**WHAT NEEDS TO BE DONE:** Your task is to write out exactly the lines from the line containing "Some of the text" through the end of the records, inclusive at both ends.
SOURCE INFORMATION: Begin
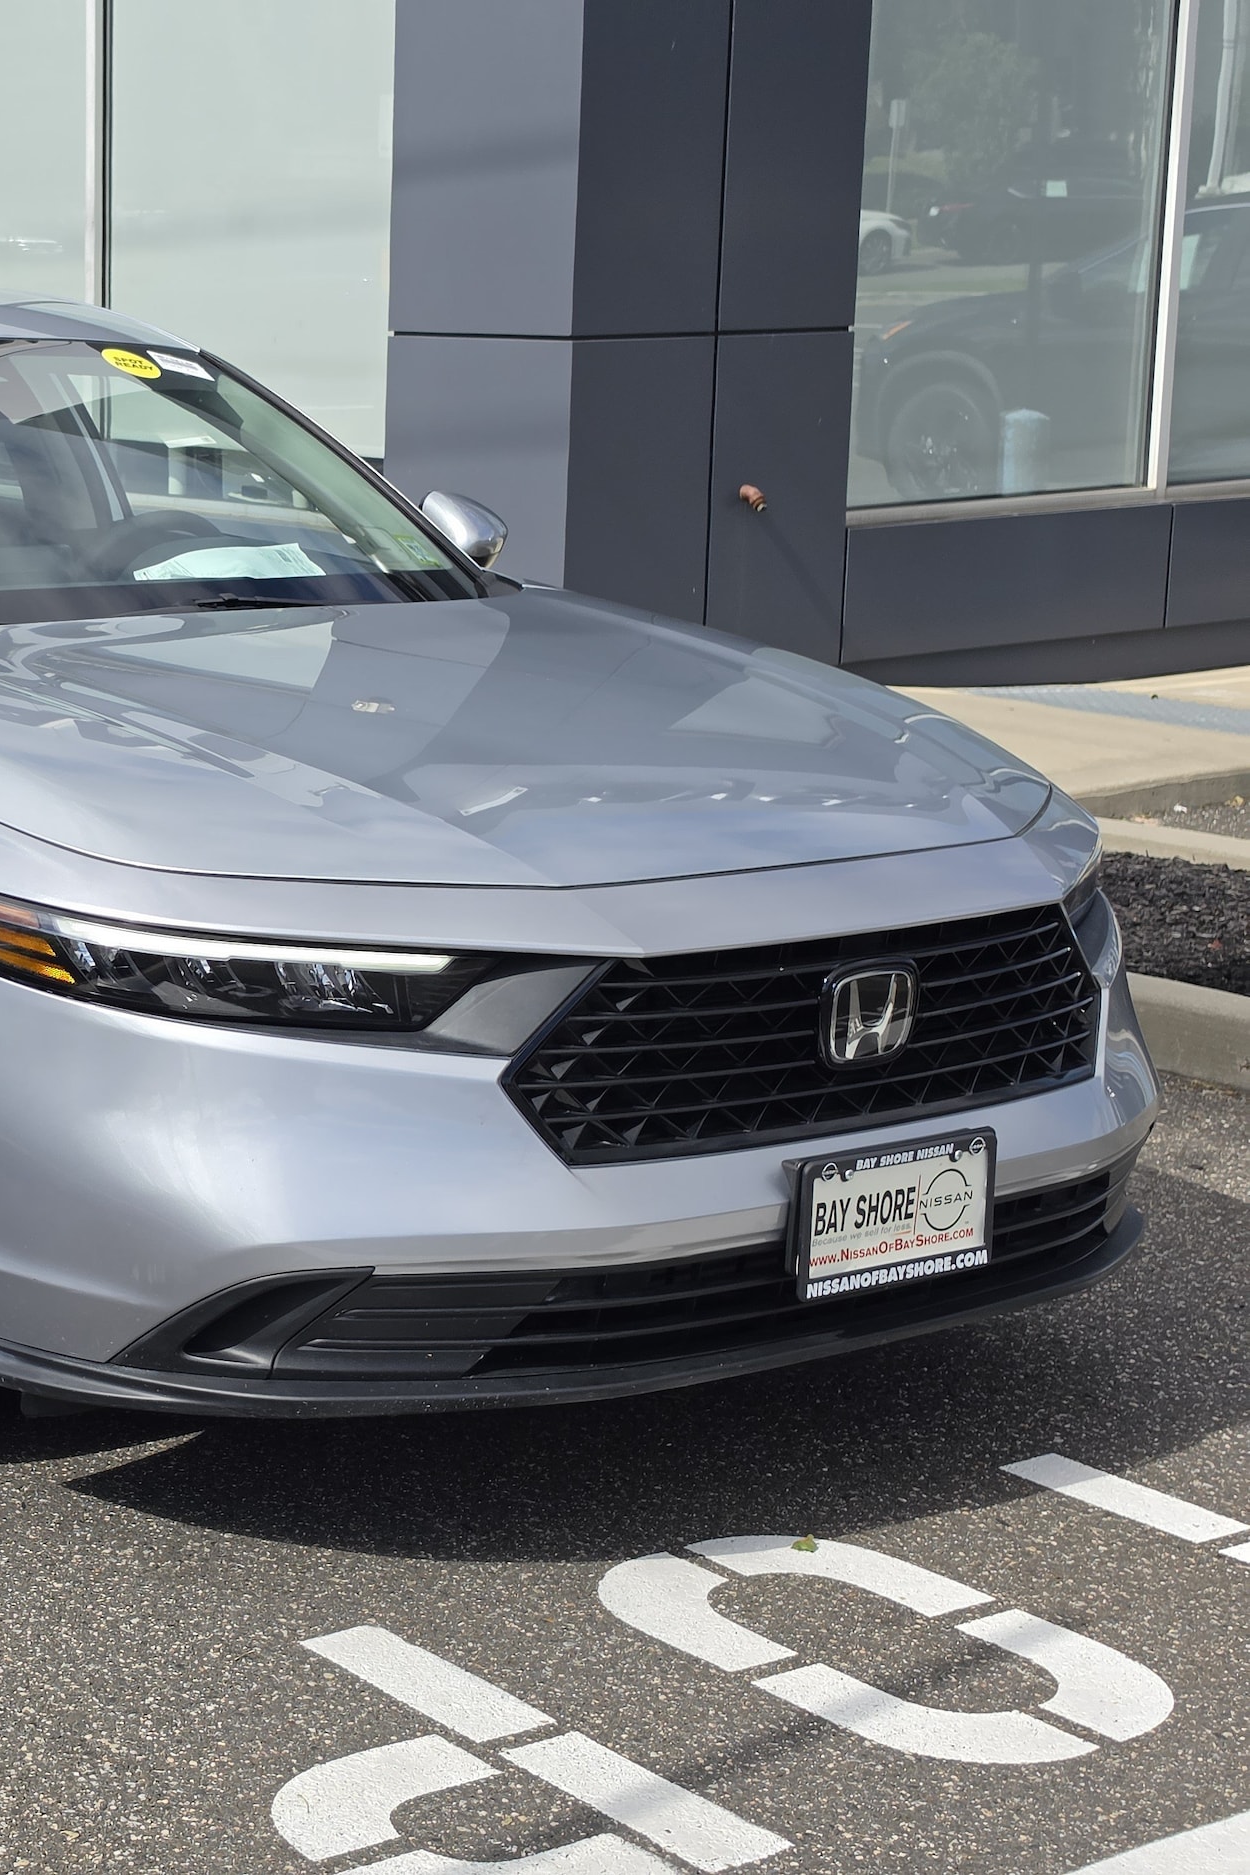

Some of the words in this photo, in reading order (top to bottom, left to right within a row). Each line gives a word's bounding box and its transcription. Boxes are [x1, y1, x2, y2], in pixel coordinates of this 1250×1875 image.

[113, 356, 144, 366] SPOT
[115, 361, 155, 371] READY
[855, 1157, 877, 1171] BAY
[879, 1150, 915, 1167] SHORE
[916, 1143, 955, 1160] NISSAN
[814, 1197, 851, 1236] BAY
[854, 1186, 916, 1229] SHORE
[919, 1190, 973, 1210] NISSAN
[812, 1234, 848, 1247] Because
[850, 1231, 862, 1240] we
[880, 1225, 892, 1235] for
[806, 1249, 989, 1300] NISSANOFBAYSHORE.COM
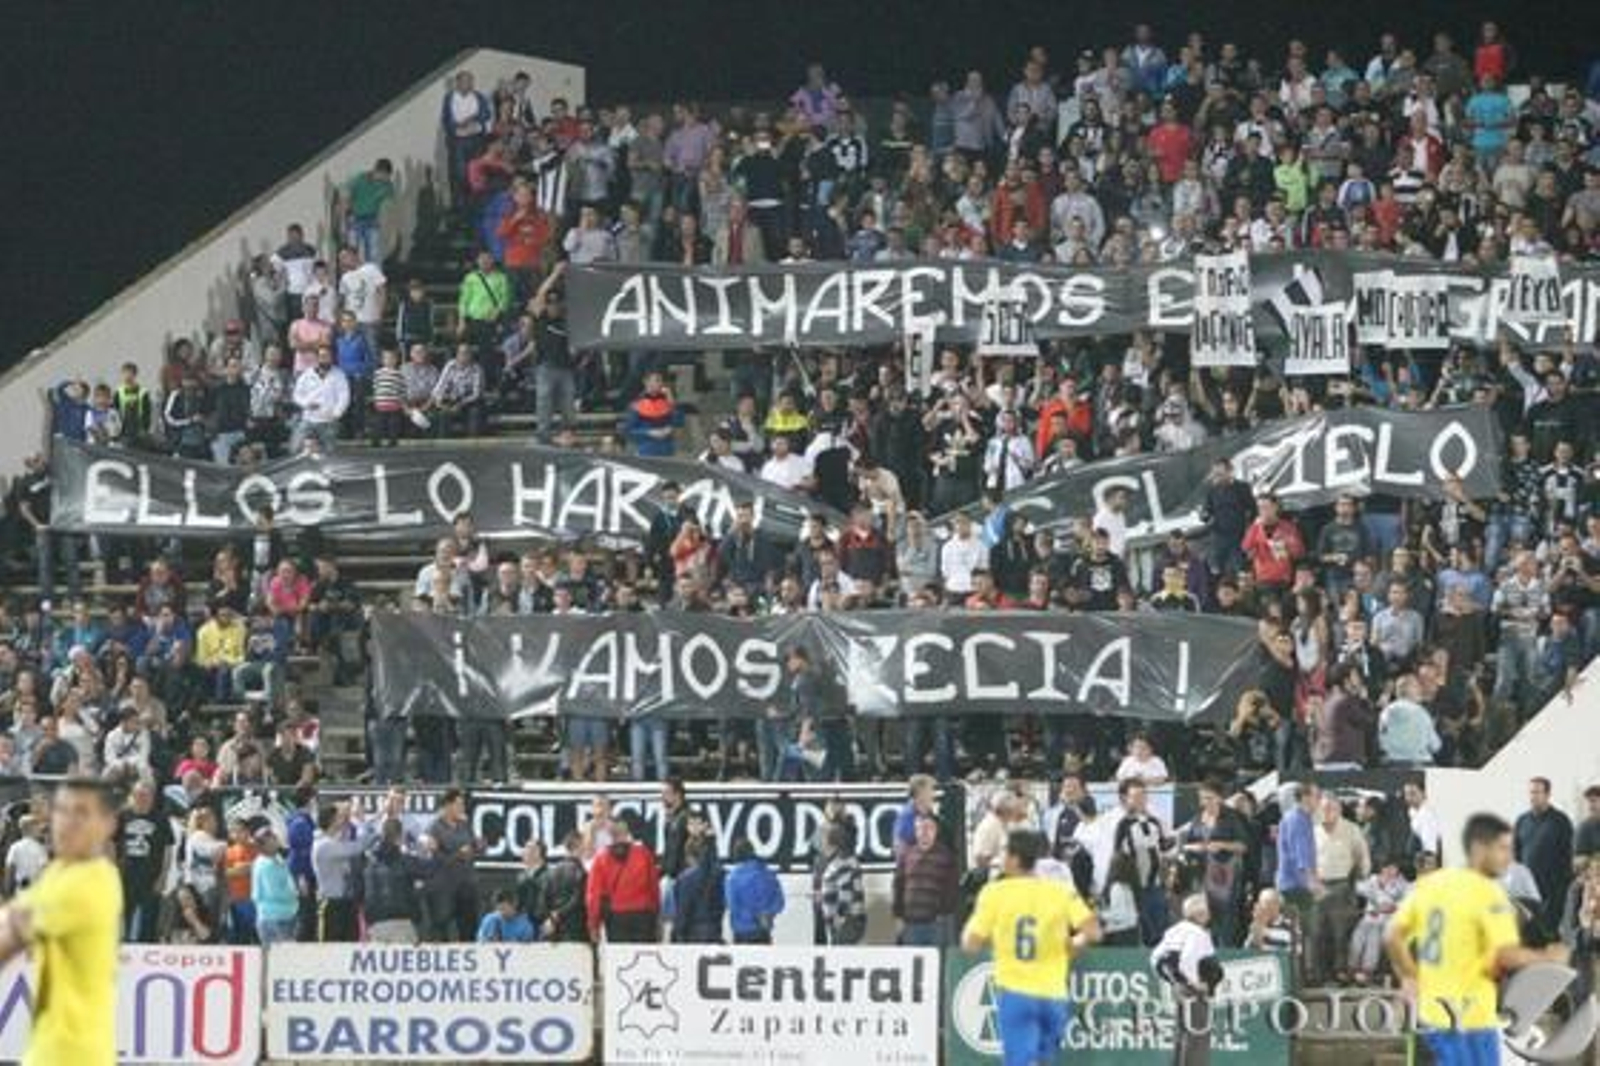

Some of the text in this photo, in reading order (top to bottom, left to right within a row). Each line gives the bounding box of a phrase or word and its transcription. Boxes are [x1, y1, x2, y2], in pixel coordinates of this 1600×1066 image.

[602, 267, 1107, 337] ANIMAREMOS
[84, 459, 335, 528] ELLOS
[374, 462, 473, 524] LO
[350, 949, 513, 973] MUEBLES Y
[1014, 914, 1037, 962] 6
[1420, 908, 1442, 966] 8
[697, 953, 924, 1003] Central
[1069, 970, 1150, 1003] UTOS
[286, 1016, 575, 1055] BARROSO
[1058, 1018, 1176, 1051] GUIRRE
SOURCE INFORMATION: End
**RESULT OF THE EXERCISE:**
Some of the text in this photo, in reading order (top to bottom, left to right within a row). Each line gives the bounding box of a phrase or word and its transcription. Boxes are [x1, y1, x2, y2], in pixel coordinates of this 1600×1066 image.

[602, 267, 1107, 337] ANIMAREMOS
[84, 459, 335, 528] ELLOS
[374, 462, 473, 524] LO
[350, 949, 513, 973] MUEBLES Y
[1014, 914, 1037, 962] 6
[1420, 908, 1442, 966] 8
[697, 953, 924, 1003] Central
[1069, 970, 1150, 1003] UTOS
[286, 1016, 575, 1055] BARROSO
[1058, 1018, 1176, 1051] GUIRRE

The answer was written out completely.